**WHAT YOU HAVE TO DO**
Please reproduce the entries exactly as they appear below, but not the pictures.

* * * *

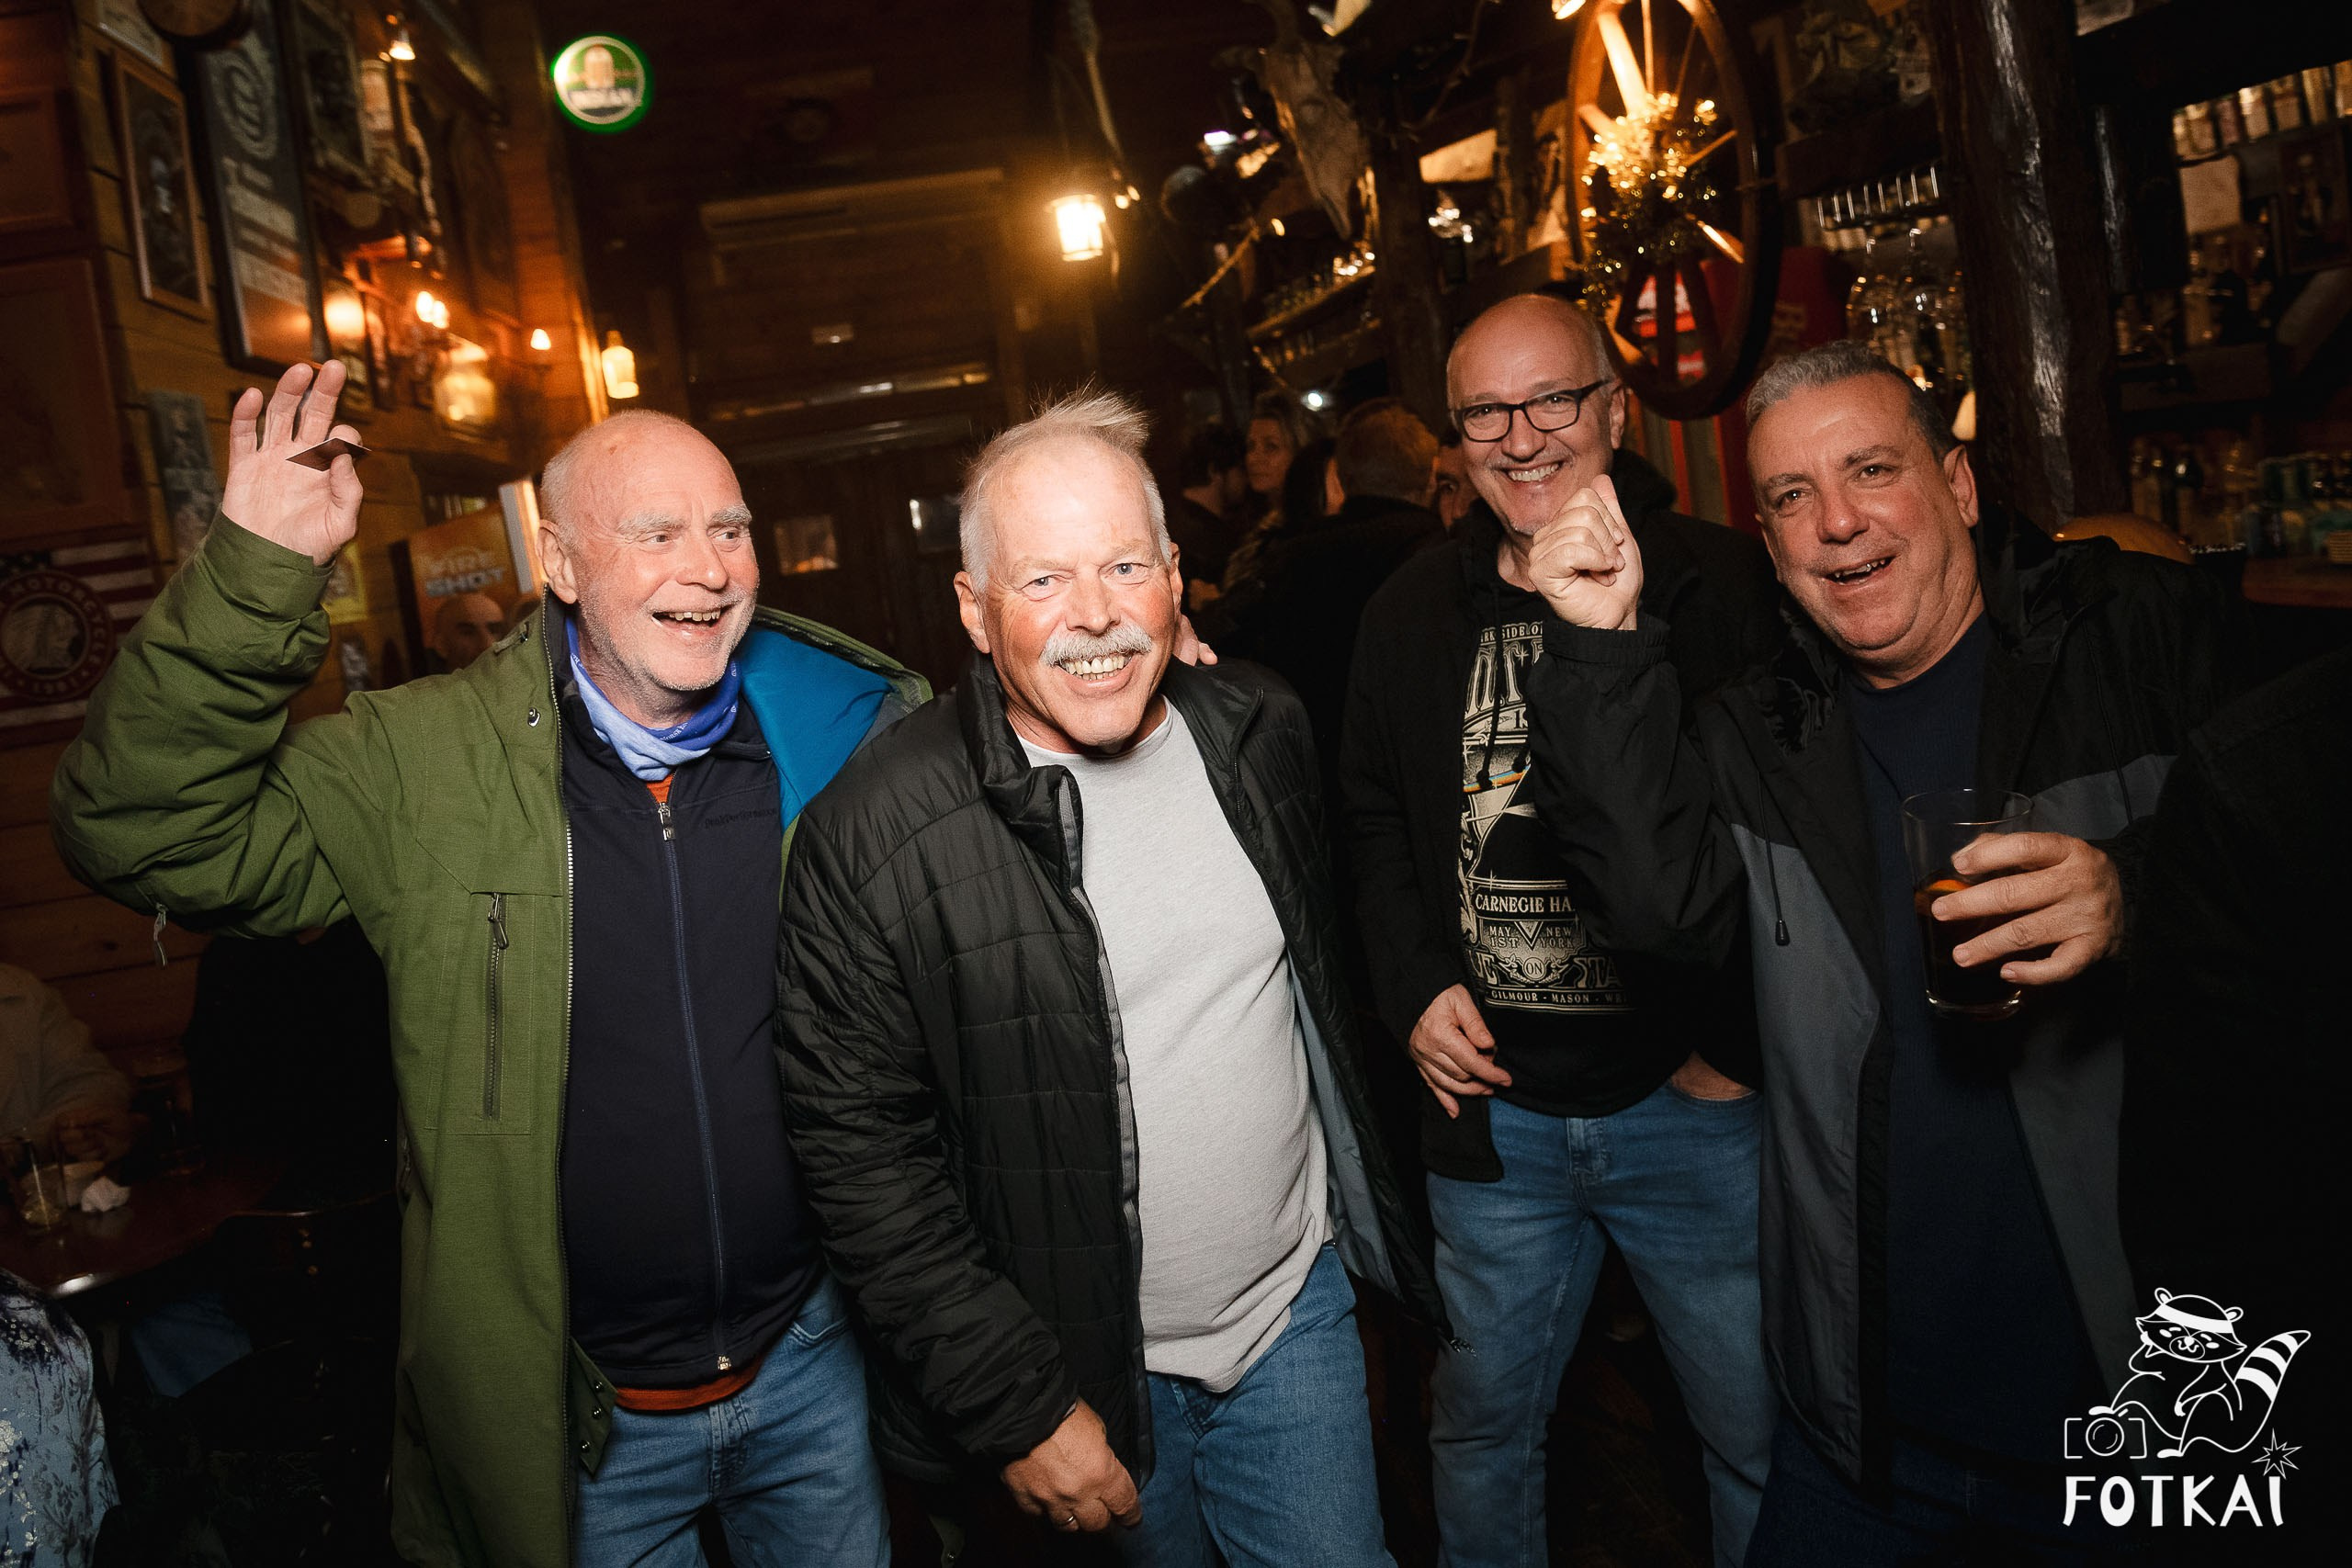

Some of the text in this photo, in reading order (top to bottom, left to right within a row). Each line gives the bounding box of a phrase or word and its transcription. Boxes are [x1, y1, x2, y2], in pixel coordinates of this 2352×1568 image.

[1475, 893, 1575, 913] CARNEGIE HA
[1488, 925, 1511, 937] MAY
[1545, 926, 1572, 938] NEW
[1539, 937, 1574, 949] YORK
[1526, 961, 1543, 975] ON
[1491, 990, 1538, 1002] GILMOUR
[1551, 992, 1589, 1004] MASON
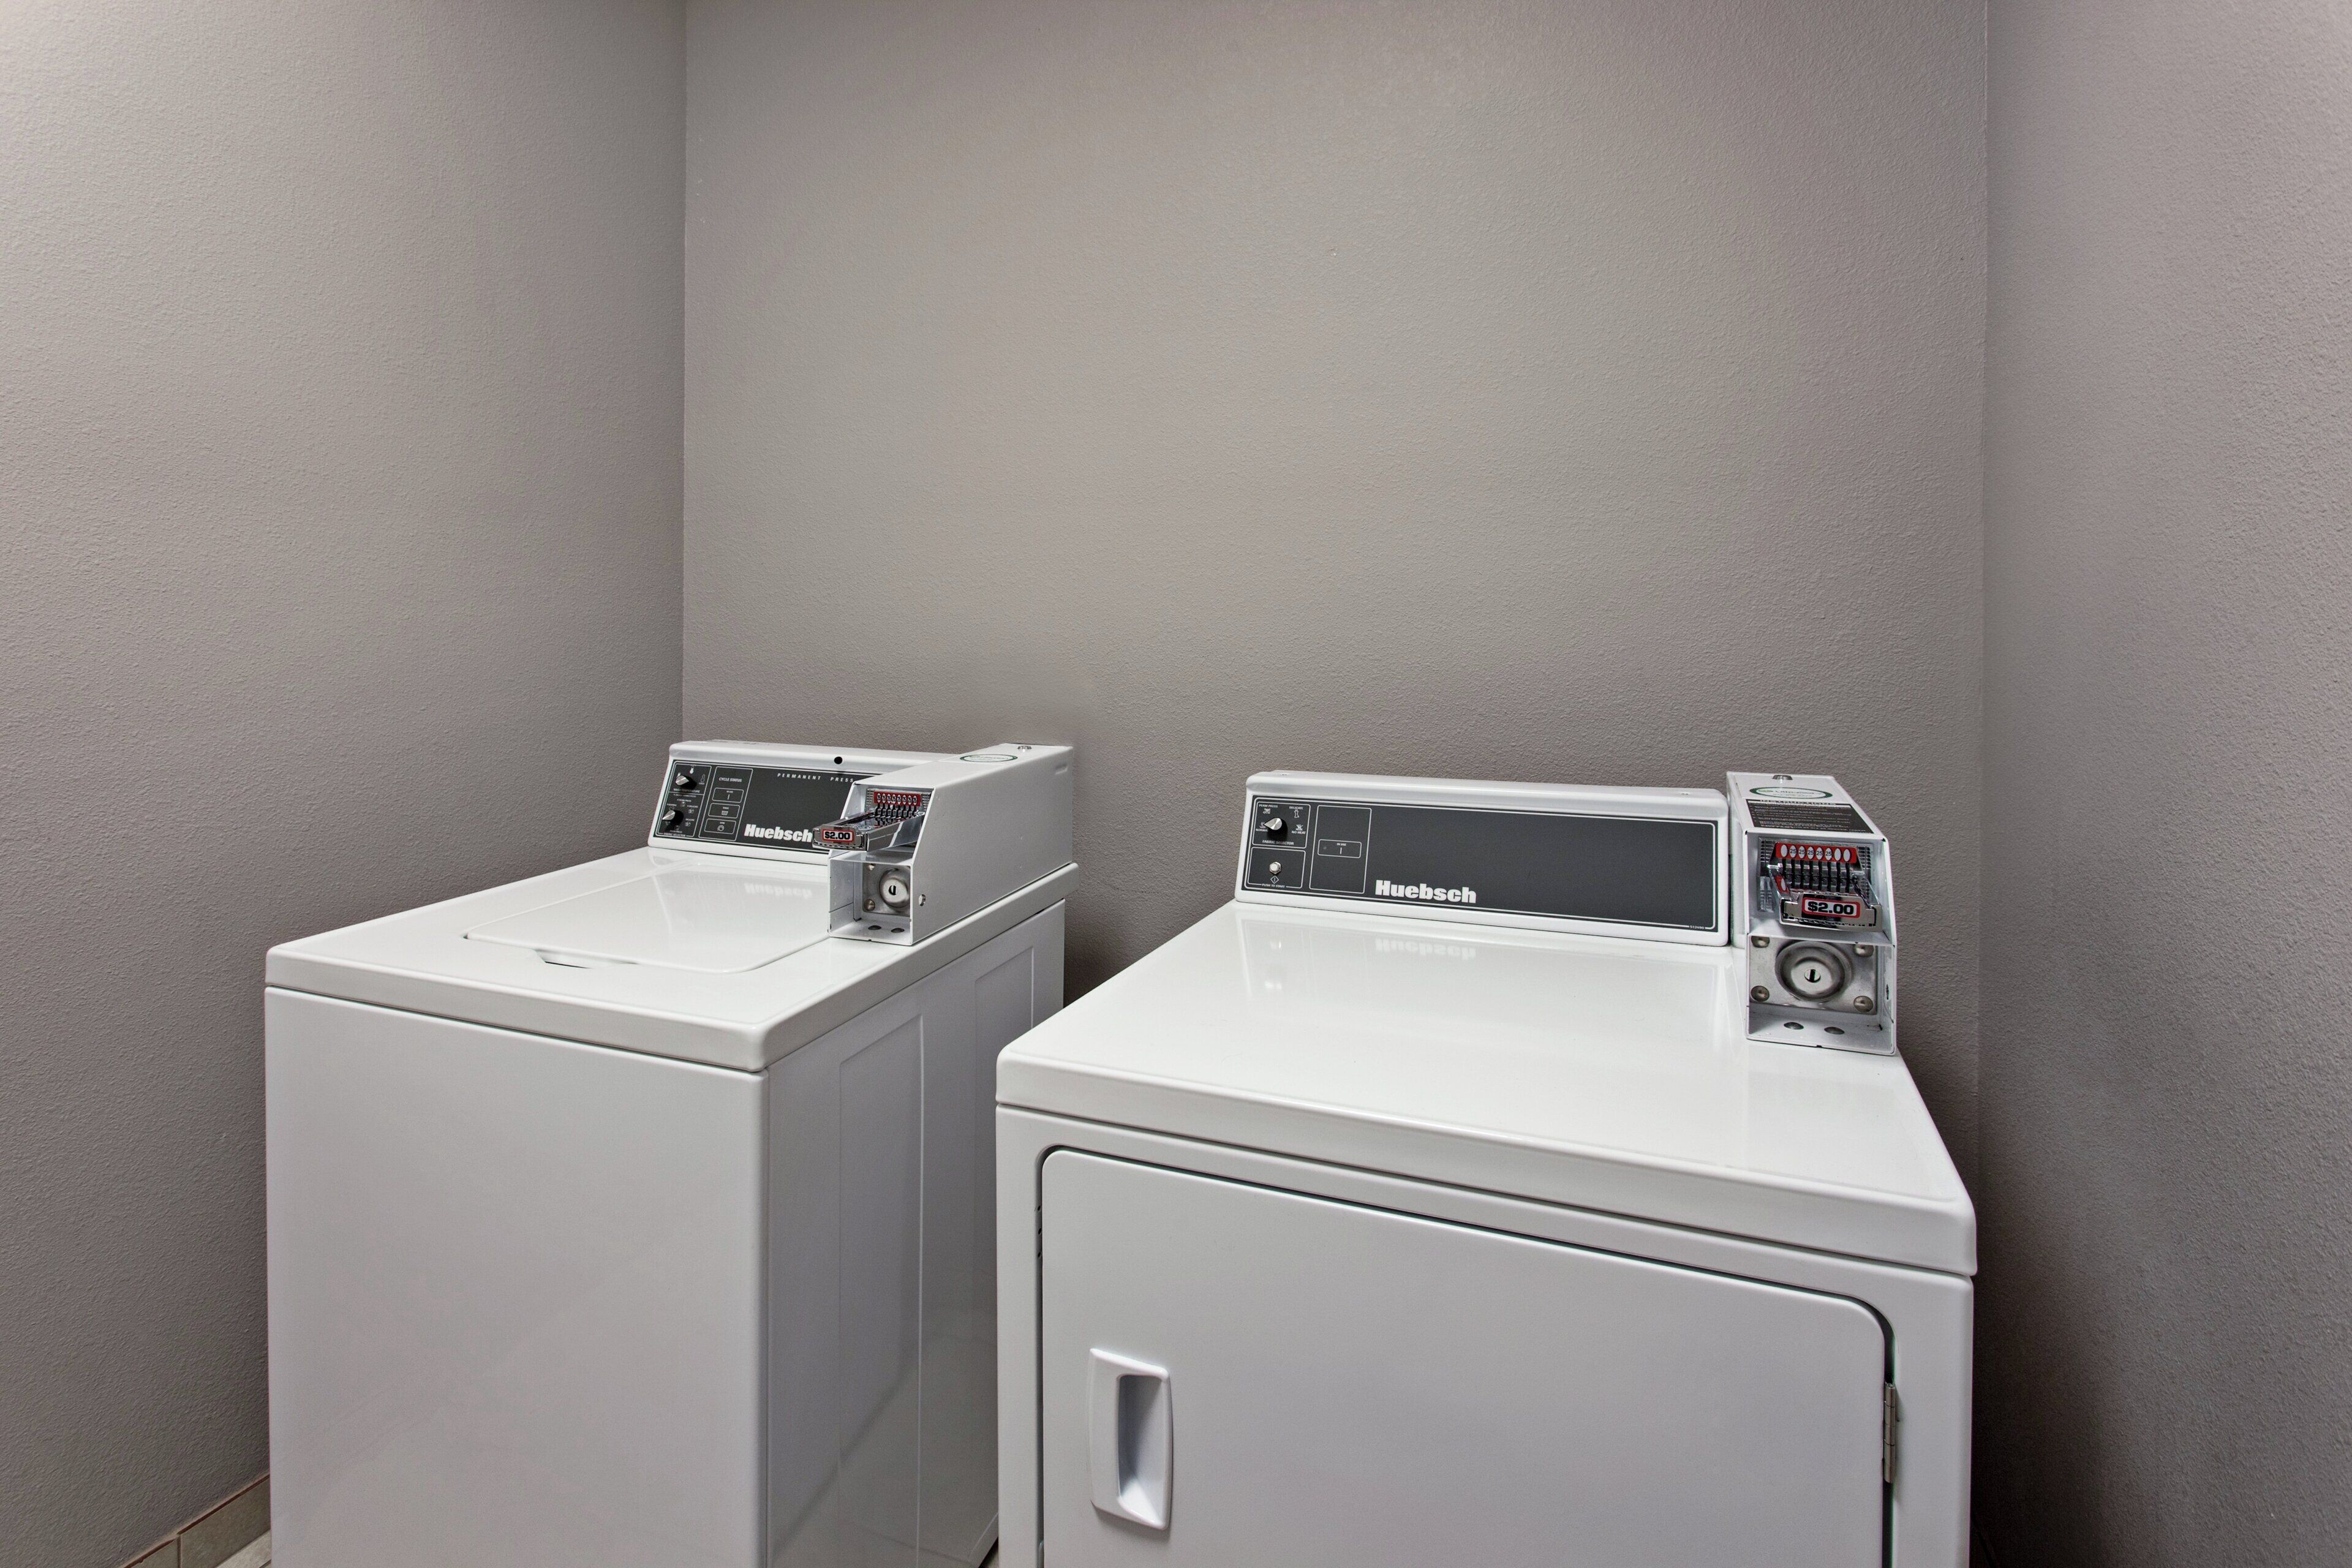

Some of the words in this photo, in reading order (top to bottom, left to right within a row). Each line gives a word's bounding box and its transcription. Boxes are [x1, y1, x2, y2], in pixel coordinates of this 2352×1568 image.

* * * *

**SOLUTION FOR THIS TASK**
Some of the text in this photo, in reading order (top to bottom, left to right within a row). Each line gives the bounding box of a phrase or word and its transcription. Boxes are [x1, y1, x2, y2], in pixel coordinates of this 2352×1568 image.

[1475, 893, 1575, 913] CARNEGIE HA
[1488, 925, 1511, 937] MAY
[1545, 926, 1572, 938] NEW
[1539, 937, 1574, 949] YORK
[1526, 961, 1543, 975] ON
[1491, 990, 1538, 1002] GILMOUR
[1551, 992, 1589, 1004] MASON

Some of the words in this photo, in reading order (top to bottom, left to right within a row). Each line gives a word's bounding box and its transcription. Boxes are [x1, y1, x2, y2], in pixel coordinates of this 2352×1568 image.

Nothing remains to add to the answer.